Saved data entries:
· · · · · · ·

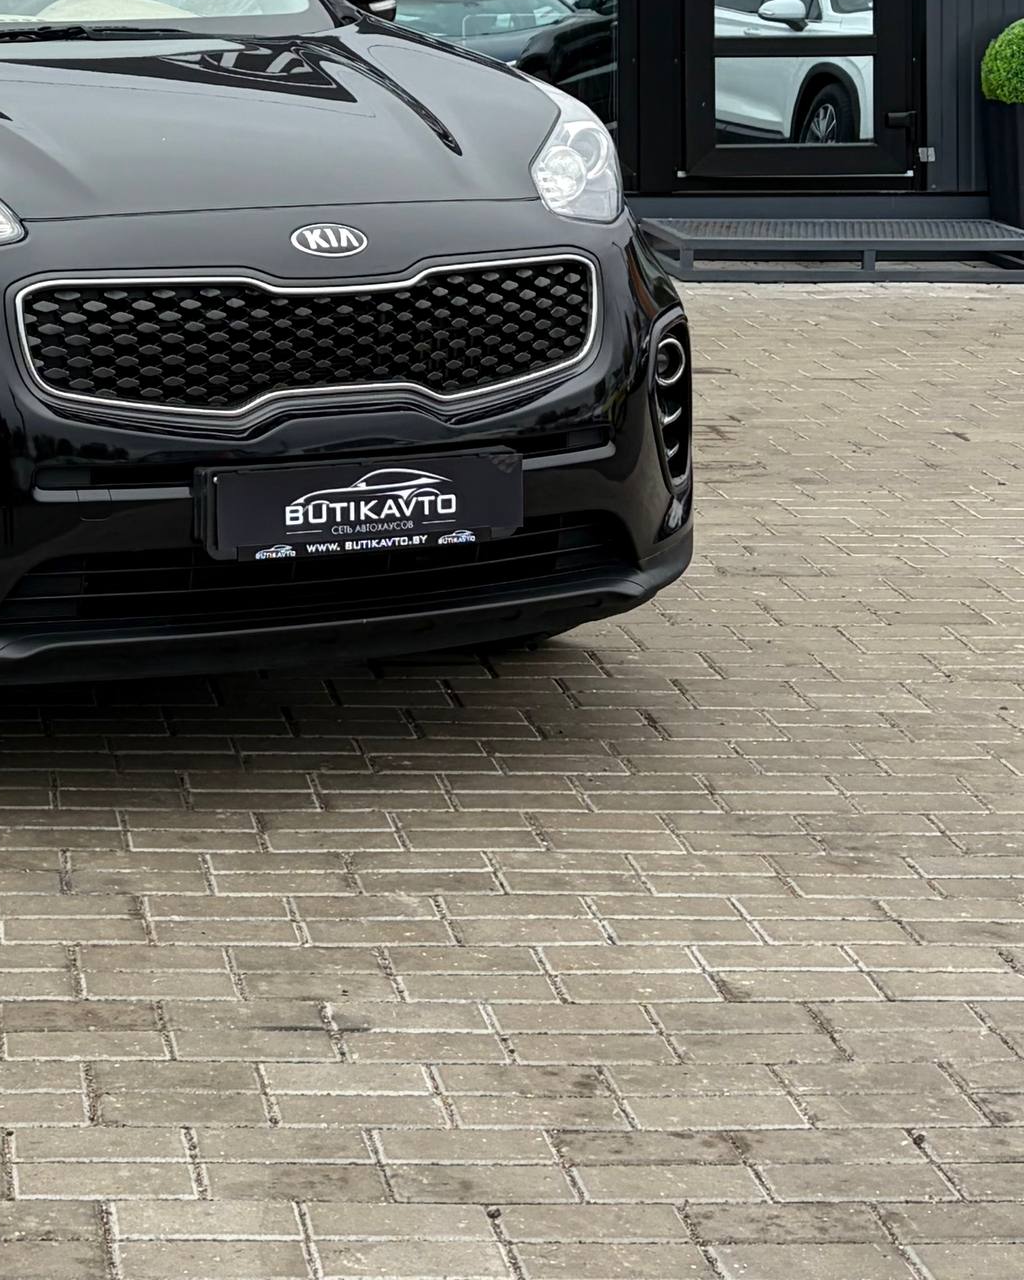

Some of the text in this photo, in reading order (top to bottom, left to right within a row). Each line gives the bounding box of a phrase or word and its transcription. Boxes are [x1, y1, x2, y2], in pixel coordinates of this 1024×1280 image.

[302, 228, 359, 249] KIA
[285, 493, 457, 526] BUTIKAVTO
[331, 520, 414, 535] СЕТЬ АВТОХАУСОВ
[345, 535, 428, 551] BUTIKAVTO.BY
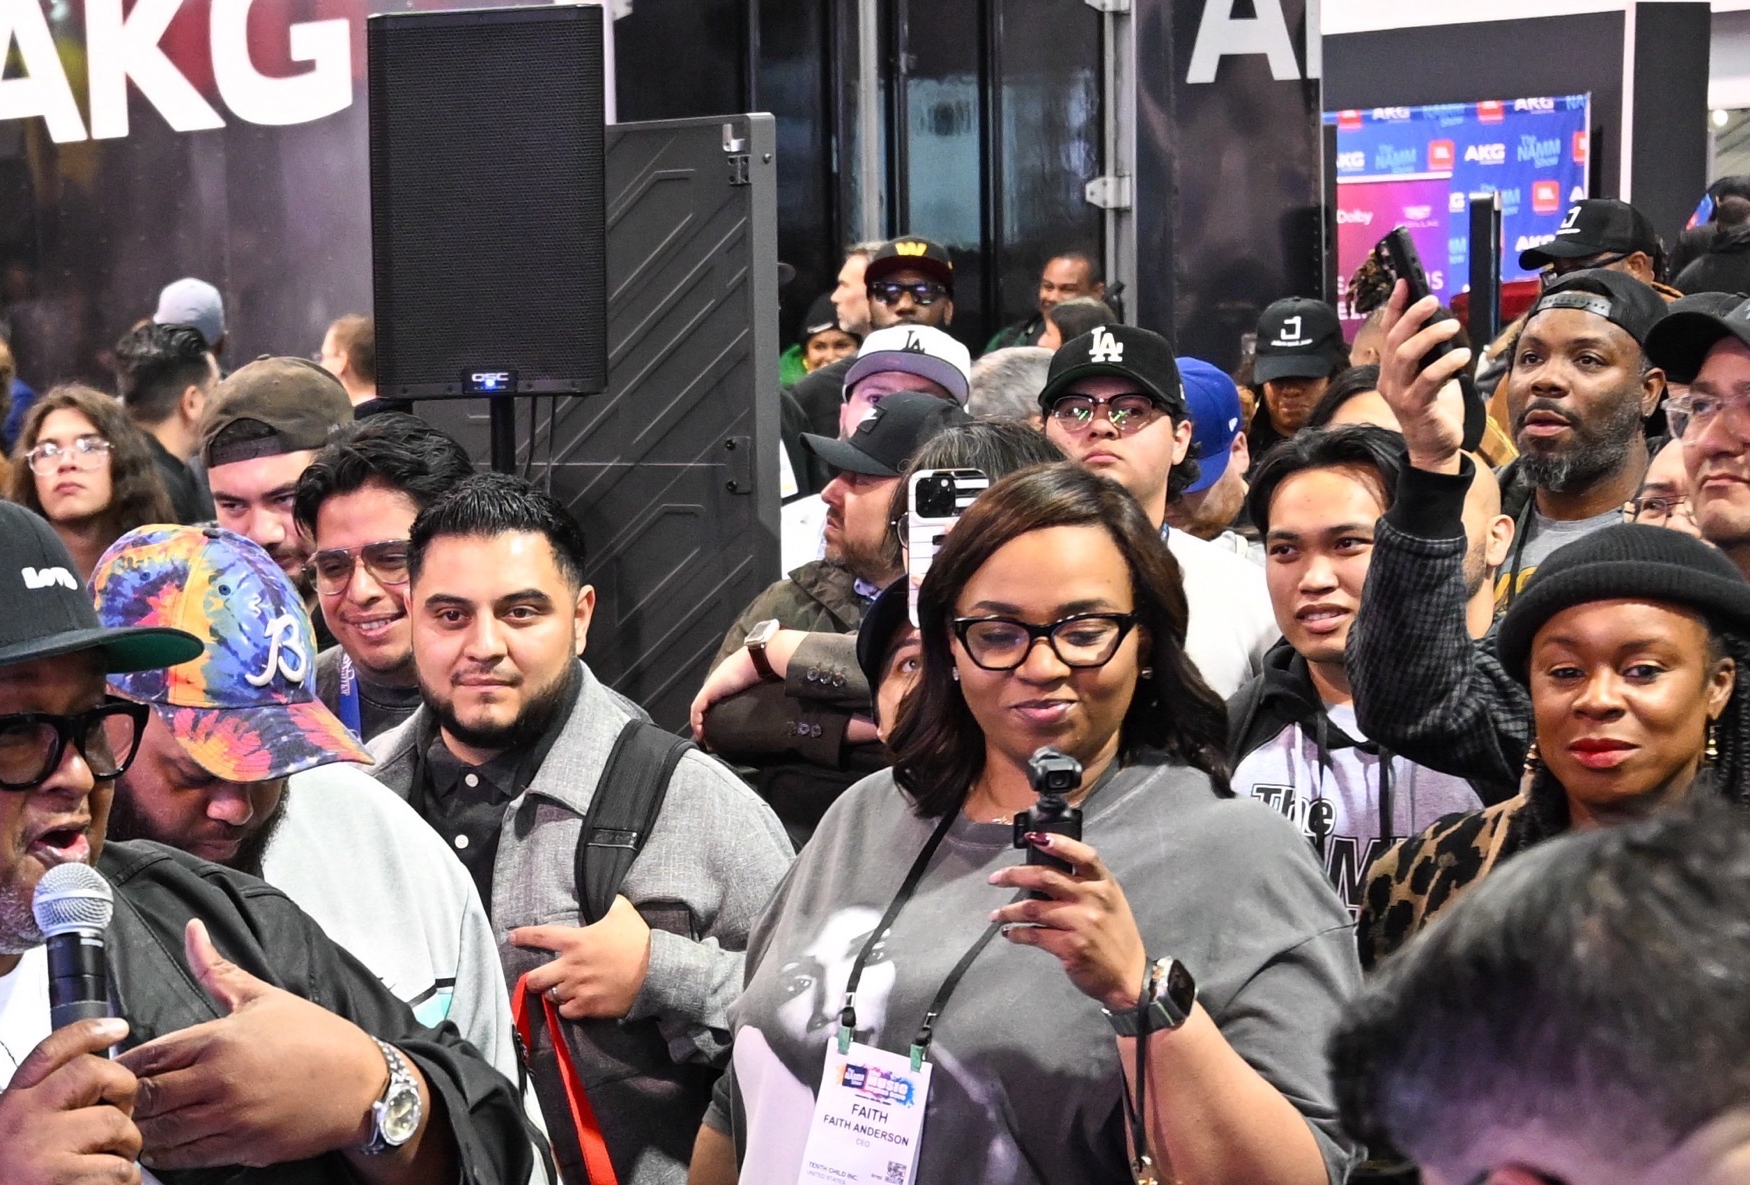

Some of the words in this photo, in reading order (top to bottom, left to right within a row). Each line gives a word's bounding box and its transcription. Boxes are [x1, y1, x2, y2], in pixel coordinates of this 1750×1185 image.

· · · · · · ·

## GOAL OF THE EXERCISE
An exact copy of every line above is needed, without the images.

## RESULT FOR THIS TASK
Some of the text in this photo, in reading order (top to bottom, left to right within a row). Each line gives the bounding box of a phrase or word and its transcription. Boxes are [x1, y1, x2, y2], in pixel coordinates of this 1024×1280 image.

[302, 228, 359, 249] KIA
[285, 493, 457, 526] BUTIKAVTO
[331, 520, 414, 535] СЕТЬ АВТОХАУСОВ
[345, 535, 428, 551] BUTIKAVTO.BY

Some of the words in this photo, in reading order (top to bottom, left to right within a row). Each line gives a word's bounding box and its transcription. Boxes are [x1, y1, x2, y2], in pixel coordinates of this 1750×1185 image.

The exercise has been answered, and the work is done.